Chipper Jones says farewell, and looks to continue to carry the Braves in the playoffs.
Chipper Jones will go down as one of Major League Baseball’s all-time greats and has earned the respect of sports fans across the nation over his spectacular 19 year playing career. Chipper broke into the Braves starting line up on September 11, 1993 as the youngest player in the league, and had scouts across the MLB drooling over his sweet swing that produced power from both sides of the plate, his soft hands that vacuumed every ball hit at him, and his above average speed that he possessed just a year removed from ACL surgery.
Chipper Jones started producing like the Chipper that we all have come to know and love in the 1995 season when he led all rookies in RBI’s (86), runs scored (87), games played (145), plate appearances (602), at bats (524), and games started (123). Chipper also enjoyed his one and only World Series title with the Atlanta Braves in that magical 1995 season.
In the 1999 season Chip won the National League MVP becoming the first player in MLB history to hit over .300 (.319), hit 40 HRs (45), hit 40 2Bs (41), drawing 100 walks (126), driving in 100 RBIs (110), scoring 100 Runs (116), and stealing 20 bases (25). Chipper Jones was not only one of the greatest players during this time, he was also one of the greatest role models for children. In 2002, just two years after winning the MVP award, Chipper volunteered to give up his position at third base and move to left field to make room for incoming free agent Vinny Castilla. This gave people and children across the globe an example of how to play baseball the right way, putting the team first and individual wants and accomplishments second. Chipper would always hustle in-between the lines, stay out of trouble off the field, and speak educated to the media, which all added up to him being a great image for our youth and for Major League Baseball.
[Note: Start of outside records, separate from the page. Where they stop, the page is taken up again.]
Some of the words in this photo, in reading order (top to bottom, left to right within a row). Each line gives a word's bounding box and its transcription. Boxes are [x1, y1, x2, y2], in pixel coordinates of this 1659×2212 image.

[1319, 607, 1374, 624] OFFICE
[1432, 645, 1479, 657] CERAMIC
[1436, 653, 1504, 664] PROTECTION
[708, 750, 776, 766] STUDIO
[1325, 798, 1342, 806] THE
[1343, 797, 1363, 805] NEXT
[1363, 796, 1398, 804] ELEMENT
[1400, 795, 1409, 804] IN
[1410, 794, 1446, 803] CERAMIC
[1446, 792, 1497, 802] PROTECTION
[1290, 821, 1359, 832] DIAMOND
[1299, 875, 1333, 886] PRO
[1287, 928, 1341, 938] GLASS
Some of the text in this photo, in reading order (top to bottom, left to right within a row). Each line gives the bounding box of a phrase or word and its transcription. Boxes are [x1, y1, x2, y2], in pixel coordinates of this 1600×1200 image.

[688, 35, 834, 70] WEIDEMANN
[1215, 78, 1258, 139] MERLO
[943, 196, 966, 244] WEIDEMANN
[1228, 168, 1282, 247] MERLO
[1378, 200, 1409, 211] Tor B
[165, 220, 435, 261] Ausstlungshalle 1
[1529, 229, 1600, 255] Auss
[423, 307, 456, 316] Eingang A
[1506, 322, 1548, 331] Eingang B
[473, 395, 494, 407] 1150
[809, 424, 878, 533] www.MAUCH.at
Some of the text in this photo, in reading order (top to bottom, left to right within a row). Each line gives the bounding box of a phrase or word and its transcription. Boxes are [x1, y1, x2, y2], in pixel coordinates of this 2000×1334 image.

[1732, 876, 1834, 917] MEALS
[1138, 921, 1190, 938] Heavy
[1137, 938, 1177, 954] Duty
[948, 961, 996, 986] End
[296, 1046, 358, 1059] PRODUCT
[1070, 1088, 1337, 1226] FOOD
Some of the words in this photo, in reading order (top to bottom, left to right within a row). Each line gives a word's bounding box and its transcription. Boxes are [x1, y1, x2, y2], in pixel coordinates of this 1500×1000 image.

In 2006, at the inaugural World Baseball Classic, it was only fitting that the first American to hit a HR in the tournament was American icon and role model Chipper Jones. Chipper has always had a flair for the dramatic and stepped up on the global stage, going 6 for 17 with a double and two homers in the tournament.
In 2007, Chipper Jones recorded his 2,000 hit against the Cleveland Indians, and then his 400th double the next day in San Diego. In 2008, Chipper had one of the best offensive seasons Major League Baseball has ever seen from a switch hitter. Chipper knocked out his 400th career HR off the Florida Marlins, became the oldest switch hitter to win a batting title (36), tied a MLB record for most consecutive 20+ HR seasons to start a career (14), and was one point shy of the all-time switch hitter batting average mark set by Mickey Mantle (.365).
Chipper is still producing at the age of 40 as he is currently hitting .289 with 14 HRs and 62 RBIs which has teammates making comments like “he’s the reason why we are here…It definatly would have been a different vibe [in the ceremonies] if we weren’t going to the playoffs”- P Kris Medlen. It is obvious to see Chipper Jones has had a Hall of Fame career, but what makes Chipper Jones so special and in a league of his own, is how he represented the game of baseball for 19 years. Georgia Gov. Nathan Deal showed his thanks by making Sept. 28 “Chipper Jones Day” and Braves president John Schuerholz announced Jones’ clubhouse locker will be moved to Jones home in a gesture to show his thanks.
When I was 6 years old, I took a family vacation to Georgia and watched a Braves game in Fulton County Stadium where the Braves won and Chipper went 4 for 4. I fell in love with the Braves and the game of baseball on that day 17 years ago, and wrote this article to show my thanks to the legend: Chipper Jones.